Thursday, April 29, 2010

Hold on Tight!

Man, I'm really just not finished yet. In less than two months my students will begin a barrage of exams that will last two weeks, taking them through to the end of the school year. Between now and then I need to figure out a way to fit in a couple gigantic projects as well as all of the 1950's, Civil Rights and Reagan's America through Obama's. In addition to all that, I still need to prepare for the behavior that will creep out of the woodwork beginning in the middle of May.

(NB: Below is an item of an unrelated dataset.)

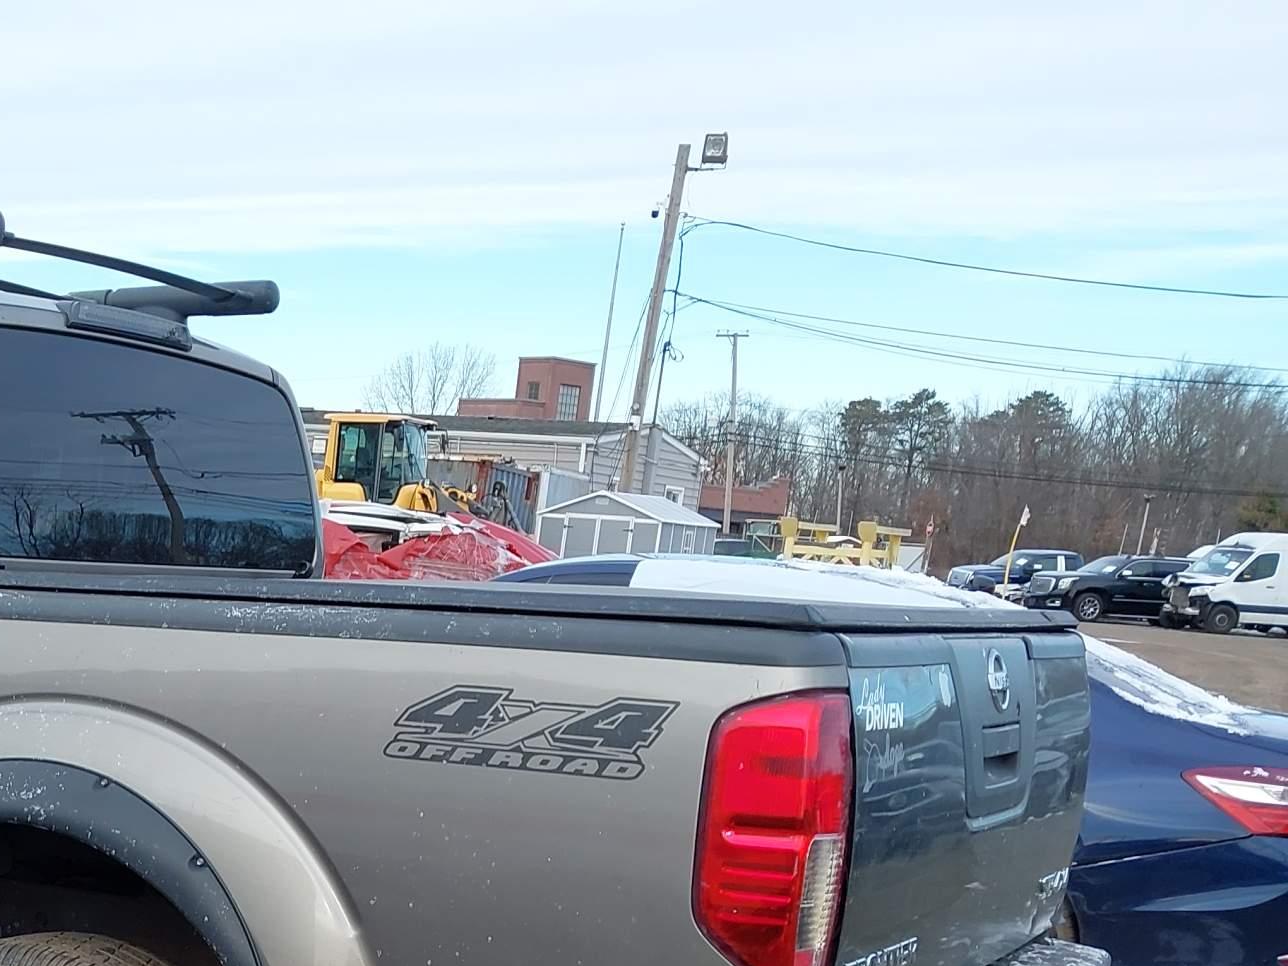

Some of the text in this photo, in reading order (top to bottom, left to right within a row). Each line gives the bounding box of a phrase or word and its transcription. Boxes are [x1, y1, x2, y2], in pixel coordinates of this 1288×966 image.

Last year at this time I'd resigned myself to the hapless fate that was my classroom. Things weren't going terribly well, but I'd squeezed out a small amount of respect from my students just for sticking around through all the chaos. That seemed to smooth out some of the rougher edges, but I was still struggling to get through every day, hardly trying to fix things anymore and really just riding things out until the end of the year. After months and months of trying new things to get the students on my side every single day, I suppose I'd given up spending so much of my energy trying to fix behaviors of kids that had been the same longer than I'd ever known them.

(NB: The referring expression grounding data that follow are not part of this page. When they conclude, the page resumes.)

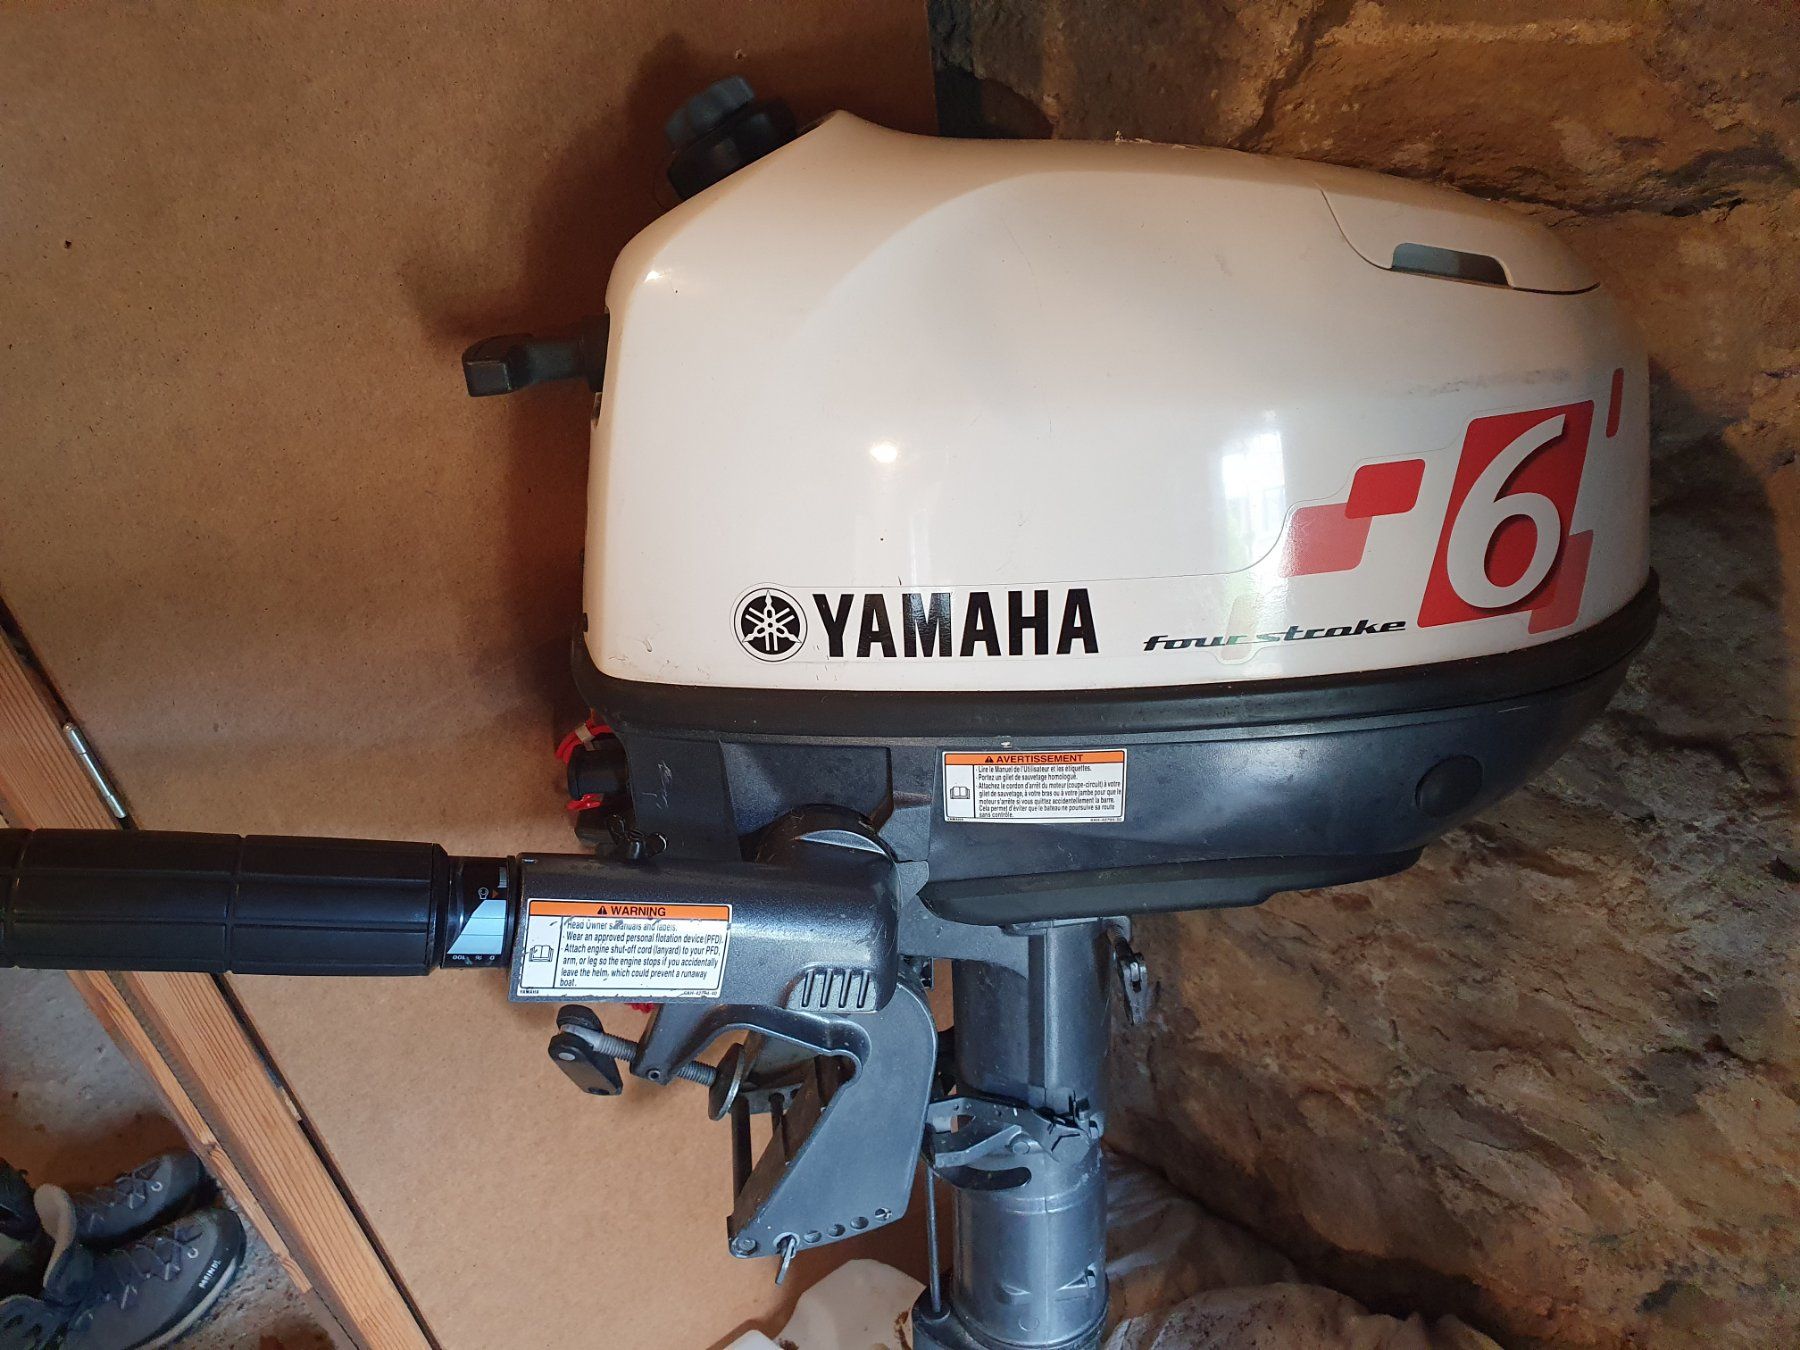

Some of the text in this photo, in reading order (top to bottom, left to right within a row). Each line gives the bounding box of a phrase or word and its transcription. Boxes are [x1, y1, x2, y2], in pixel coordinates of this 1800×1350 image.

[1446, 414, 1566, 609] 6
[813, 588, 1098, 658] YAMAHA
[996, 755, 1083, 763] AVERTISSEMENT
[611, 906, 666, 916] WARNING
[595, 933, 624, 942] approved
[626, 934, 653, 944] personal
[611, 943, 637, 954] shut-off
[609, 957, 618, 965] the
[560, 978, 576, 986] boat.

I'm not proud of that, but it's what I did. At the beginning of the spring semester I'd struggled so much that I grabbed another teacher's curriculum and taught it with little variation. The lessons I did plan myself never seemed to go as well because I tried to stray from the concrete, text-heavy plans to the more abstract. While the students may have been capable of such things in the right context, the wrestling match we'd had for more than half a year had established that my classroom was a place where learning rarely happened outside of worksheet-style or educational video-type work. Unfortunately the vast majority of those students didn't walk away from my class with much more knowledge of the social studies than what they'd brought in September. The only benefit that seems to have come of it was the education I brought away from it.

This spring has the potential to be far more productive than last. My students will wrap up some cross-continental collaboration instead of wrapping their hands around each others' throats. They'll write a major research paper instead of writing me off entirely. Instead of leaving my class without the vaguest idea of what has happened throughout United States history, I believe that they will walk away with a firmer grasp of history than they've ever had before.

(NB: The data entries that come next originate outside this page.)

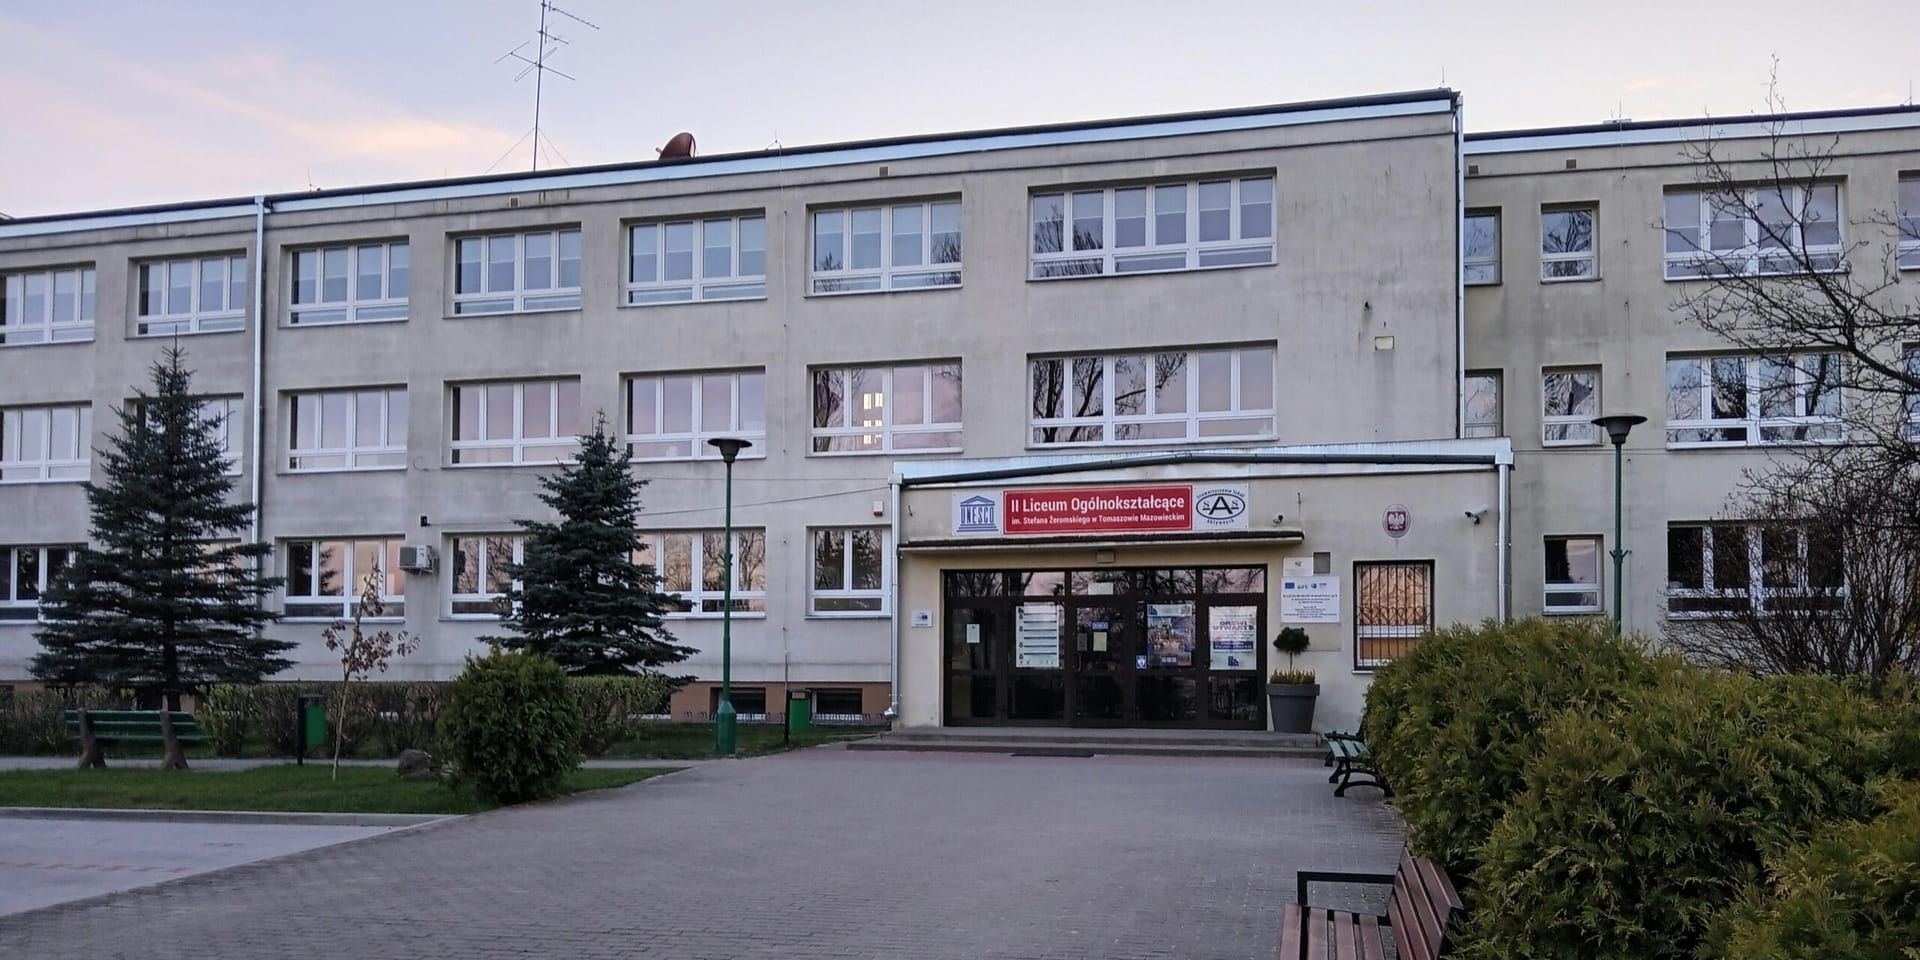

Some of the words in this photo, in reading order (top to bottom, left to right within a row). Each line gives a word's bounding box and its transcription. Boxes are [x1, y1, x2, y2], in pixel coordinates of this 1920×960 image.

[1011, 499, 1019, 513] II
[1023, 498, 1067, 512] Liceum
[1071, 494, 1185, 513] Ogólnokształcące
[1209, 496, 1233, 515] A
[960, 506, 995, 524] UNESCO
[1011, 516, 1022, 525] im.
[1023, 516, 1048, 525] Stefana
[1049, 514, 1091, 525] Żeromskiego
[1140, 513, 1185, 521] Mazowieckim

Regardless of what happens, we're now on the downhill slope toward the end of the year and there's no stopping us. We'll pick up speed and rumble through the finish line hopefully each in control of our young charges. Hold on tight and grab the last bit of content and skill practice you can. It'll be wild.

To the First Years:
You've most likely heard it a thousand times by now- it'll get better. It probably won't get a lot of better this year, which is undoubtedly bad news, but it will be better next year, as unbelievable as that is. Hopefully you've dug yourself far enough in at this point that you can ride out the storm while delivering the best instruction you possibly can (which you've been doing the entire year) until the end of June. Best of luck.

Today's Wine: Four Graces Pinot Gris 2008. This was part of a shipment from the New York Times Wine Club, which was a birthday present of mine. I've not received wine in the mail before, but it's delightful. As for this bottle, it's fruity and I thought I tasted vanilla, but the reviews all say peach. Whatever was in there, I thought it was pretty good.

1 comment:

  1. As a first year teacher I feel this in so many ways.